▶ **Problem details**
Give back exactly the lines running from the line with "this 1512×1344 image." to the end of the entries, and only those lines.

========

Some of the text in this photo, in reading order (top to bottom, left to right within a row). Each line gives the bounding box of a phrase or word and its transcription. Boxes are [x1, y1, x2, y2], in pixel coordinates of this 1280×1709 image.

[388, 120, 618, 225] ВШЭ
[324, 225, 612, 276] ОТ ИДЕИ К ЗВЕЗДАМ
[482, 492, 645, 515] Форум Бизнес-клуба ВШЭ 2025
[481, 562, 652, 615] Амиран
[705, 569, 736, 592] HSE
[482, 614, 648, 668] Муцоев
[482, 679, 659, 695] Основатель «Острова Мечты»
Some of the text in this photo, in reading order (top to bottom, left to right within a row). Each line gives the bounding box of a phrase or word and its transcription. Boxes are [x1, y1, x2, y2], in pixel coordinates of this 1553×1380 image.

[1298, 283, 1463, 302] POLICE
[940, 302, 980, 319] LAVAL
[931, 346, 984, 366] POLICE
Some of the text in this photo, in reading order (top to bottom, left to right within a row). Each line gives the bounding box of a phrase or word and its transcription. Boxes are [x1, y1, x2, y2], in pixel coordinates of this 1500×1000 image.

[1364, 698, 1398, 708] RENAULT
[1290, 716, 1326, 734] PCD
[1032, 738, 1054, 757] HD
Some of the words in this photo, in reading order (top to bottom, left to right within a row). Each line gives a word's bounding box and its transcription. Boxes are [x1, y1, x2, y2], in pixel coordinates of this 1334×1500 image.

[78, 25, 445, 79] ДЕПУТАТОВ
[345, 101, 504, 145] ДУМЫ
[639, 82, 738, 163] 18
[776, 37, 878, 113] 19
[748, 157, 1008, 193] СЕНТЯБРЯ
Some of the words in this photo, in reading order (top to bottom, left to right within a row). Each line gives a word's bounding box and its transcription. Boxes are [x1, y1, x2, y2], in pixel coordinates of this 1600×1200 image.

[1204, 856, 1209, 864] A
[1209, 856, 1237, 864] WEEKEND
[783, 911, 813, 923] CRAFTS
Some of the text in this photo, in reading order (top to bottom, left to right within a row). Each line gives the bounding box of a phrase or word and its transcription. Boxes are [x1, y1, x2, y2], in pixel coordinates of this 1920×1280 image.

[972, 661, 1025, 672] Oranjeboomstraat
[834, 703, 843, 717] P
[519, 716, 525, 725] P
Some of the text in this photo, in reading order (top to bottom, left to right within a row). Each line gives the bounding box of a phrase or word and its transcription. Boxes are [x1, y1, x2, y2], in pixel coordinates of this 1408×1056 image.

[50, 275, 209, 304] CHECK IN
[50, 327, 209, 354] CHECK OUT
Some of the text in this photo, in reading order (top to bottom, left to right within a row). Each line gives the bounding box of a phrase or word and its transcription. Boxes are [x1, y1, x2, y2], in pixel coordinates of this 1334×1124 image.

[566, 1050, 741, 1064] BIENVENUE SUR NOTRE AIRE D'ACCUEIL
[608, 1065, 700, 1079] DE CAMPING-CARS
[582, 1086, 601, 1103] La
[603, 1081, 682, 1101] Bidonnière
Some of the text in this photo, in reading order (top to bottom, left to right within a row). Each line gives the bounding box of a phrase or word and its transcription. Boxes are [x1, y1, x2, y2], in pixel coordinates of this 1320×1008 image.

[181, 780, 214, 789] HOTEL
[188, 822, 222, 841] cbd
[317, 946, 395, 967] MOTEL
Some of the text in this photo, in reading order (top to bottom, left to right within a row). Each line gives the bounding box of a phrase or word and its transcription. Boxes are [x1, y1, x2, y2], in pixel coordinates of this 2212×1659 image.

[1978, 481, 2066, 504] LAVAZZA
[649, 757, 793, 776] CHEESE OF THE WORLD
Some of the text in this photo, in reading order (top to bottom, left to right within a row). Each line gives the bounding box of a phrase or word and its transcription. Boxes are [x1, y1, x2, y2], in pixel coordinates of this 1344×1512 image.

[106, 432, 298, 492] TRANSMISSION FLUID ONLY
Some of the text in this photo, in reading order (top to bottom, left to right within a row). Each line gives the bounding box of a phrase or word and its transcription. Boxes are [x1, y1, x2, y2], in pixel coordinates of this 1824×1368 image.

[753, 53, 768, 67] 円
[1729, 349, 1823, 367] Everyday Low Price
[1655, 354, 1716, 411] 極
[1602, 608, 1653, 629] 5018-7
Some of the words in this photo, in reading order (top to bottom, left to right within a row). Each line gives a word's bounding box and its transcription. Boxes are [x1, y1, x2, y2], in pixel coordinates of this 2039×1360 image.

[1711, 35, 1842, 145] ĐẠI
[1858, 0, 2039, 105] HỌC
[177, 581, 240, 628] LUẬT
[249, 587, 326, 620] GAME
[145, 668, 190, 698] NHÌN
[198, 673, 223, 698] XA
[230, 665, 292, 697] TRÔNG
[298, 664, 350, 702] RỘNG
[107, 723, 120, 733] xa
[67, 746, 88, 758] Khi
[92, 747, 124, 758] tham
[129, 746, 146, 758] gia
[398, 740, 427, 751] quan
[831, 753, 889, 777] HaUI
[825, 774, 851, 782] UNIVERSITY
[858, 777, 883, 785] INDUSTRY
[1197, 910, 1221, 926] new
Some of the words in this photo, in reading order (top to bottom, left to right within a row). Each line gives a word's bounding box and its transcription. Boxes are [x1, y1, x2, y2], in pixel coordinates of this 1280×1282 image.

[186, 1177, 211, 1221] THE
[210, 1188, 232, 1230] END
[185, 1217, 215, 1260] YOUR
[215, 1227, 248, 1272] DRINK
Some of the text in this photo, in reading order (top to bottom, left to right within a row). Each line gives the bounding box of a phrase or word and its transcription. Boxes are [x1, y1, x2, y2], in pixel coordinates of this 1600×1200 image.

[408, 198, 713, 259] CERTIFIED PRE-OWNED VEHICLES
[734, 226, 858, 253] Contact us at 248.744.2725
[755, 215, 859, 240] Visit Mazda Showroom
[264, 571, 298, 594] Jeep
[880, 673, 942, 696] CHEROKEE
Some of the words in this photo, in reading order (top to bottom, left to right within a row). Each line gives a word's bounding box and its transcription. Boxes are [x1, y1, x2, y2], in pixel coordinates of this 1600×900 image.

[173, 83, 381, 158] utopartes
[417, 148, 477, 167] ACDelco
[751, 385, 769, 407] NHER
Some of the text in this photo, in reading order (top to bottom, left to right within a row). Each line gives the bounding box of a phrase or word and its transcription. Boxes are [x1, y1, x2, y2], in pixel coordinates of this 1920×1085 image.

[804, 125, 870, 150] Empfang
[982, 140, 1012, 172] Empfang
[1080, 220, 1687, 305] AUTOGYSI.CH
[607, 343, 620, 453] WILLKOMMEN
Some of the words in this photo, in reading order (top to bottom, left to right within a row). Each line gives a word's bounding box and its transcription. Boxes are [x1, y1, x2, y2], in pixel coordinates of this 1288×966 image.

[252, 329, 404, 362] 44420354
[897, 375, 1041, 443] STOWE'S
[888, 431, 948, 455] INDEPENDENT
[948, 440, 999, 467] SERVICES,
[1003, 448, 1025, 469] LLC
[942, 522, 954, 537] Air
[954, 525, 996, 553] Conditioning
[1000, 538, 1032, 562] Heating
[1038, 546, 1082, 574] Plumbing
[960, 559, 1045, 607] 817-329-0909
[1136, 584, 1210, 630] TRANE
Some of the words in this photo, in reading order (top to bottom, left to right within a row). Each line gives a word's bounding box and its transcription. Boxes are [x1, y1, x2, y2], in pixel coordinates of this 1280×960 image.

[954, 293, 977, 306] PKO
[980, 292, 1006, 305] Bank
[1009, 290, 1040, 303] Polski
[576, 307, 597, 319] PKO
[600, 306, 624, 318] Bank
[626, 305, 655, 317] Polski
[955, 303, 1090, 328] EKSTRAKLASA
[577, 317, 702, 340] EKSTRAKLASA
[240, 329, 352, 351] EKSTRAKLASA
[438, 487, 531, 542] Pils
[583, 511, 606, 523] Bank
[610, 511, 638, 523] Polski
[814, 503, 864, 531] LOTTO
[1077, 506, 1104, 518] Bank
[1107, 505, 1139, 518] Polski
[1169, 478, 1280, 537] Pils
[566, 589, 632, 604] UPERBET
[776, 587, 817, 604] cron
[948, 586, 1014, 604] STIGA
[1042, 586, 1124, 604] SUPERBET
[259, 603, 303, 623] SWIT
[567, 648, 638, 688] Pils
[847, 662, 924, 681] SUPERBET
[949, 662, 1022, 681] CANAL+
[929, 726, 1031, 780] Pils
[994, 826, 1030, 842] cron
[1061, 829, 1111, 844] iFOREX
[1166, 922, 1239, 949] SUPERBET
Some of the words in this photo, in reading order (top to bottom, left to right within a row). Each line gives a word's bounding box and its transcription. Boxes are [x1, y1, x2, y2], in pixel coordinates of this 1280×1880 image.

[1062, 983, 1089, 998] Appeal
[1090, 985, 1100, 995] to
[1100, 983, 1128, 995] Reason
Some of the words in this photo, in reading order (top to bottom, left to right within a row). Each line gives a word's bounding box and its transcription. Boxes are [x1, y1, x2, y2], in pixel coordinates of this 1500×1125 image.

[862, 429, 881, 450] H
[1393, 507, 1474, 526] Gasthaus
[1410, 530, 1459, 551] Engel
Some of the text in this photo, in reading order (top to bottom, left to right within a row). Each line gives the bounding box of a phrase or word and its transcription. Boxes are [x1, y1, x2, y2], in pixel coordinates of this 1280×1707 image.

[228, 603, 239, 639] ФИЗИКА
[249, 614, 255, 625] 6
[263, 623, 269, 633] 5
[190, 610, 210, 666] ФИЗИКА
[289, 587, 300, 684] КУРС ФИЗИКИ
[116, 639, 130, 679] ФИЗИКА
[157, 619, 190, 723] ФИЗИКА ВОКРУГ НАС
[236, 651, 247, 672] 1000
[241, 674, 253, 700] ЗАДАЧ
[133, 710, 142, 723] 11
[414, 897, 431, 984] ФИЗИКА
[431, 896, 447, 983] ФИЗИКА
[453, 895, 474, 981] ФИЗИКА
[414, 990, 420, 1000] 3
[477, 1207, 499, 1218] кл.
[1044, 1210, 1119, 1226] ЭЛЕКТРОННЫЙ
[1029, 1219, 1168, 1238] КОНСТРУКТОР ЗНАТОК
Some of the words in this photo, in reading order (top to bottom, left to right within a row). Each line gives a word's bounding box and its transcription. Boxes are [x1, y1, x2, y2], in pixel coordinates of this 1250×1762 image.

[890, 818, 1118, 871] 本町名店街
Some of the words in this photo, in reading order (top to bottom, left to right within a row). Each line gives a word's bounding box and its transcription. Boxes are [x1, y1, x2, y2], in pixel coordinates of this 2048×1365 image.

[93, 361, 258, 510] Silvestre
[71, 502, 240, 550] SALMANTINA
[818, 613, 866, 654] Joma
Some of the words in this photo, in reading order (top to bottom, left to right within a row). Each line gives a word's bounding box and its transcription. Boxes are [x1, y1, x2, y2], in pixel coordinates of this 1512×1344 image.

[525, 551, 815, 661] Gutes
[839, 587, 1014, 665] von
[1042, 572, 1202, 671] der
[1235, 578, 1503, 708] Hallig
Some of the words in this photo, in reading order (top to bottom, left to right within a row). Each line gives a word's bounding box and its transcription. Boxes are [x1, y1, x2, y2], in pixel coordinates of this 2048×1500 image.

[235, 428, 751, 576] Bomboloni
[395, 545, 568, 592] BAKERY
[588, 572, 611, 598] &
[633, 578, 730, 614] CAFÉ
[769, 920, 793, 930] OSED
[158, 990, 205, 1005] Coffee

========

▶ **Answer**
Some of the words in this photo, in reading order (top to bottom, left to right within a row). Each line gives a word's bounding box and its transcription. Boxes are [x1, y1, x2, y2], in pixel coordinates of this 1512×1344 image.

[525, 551, 815, 661] Gutes
[839, 587, 1014, 665] von
[1042, 572, 1202, 671] der
[1235, 578, 1503, 708] Hallig
Some of the words in this photo, in reading order (top to bottom, left to right within a row). Each line gives a word's bounding box and its transcription. Boxes are [x1, y1, x2, y2], in pixel coordinates of this 2048×1500 image.

[235, 428, 751, 576] Bomboloni
[395, 545, 568, 592] BAKERY
[588, 572, 611, 598] &
[633, 578, 730, 614] CAFÉ
[769, 920, 793, 930] OSED
[158, 990, 205, 1005] Coffee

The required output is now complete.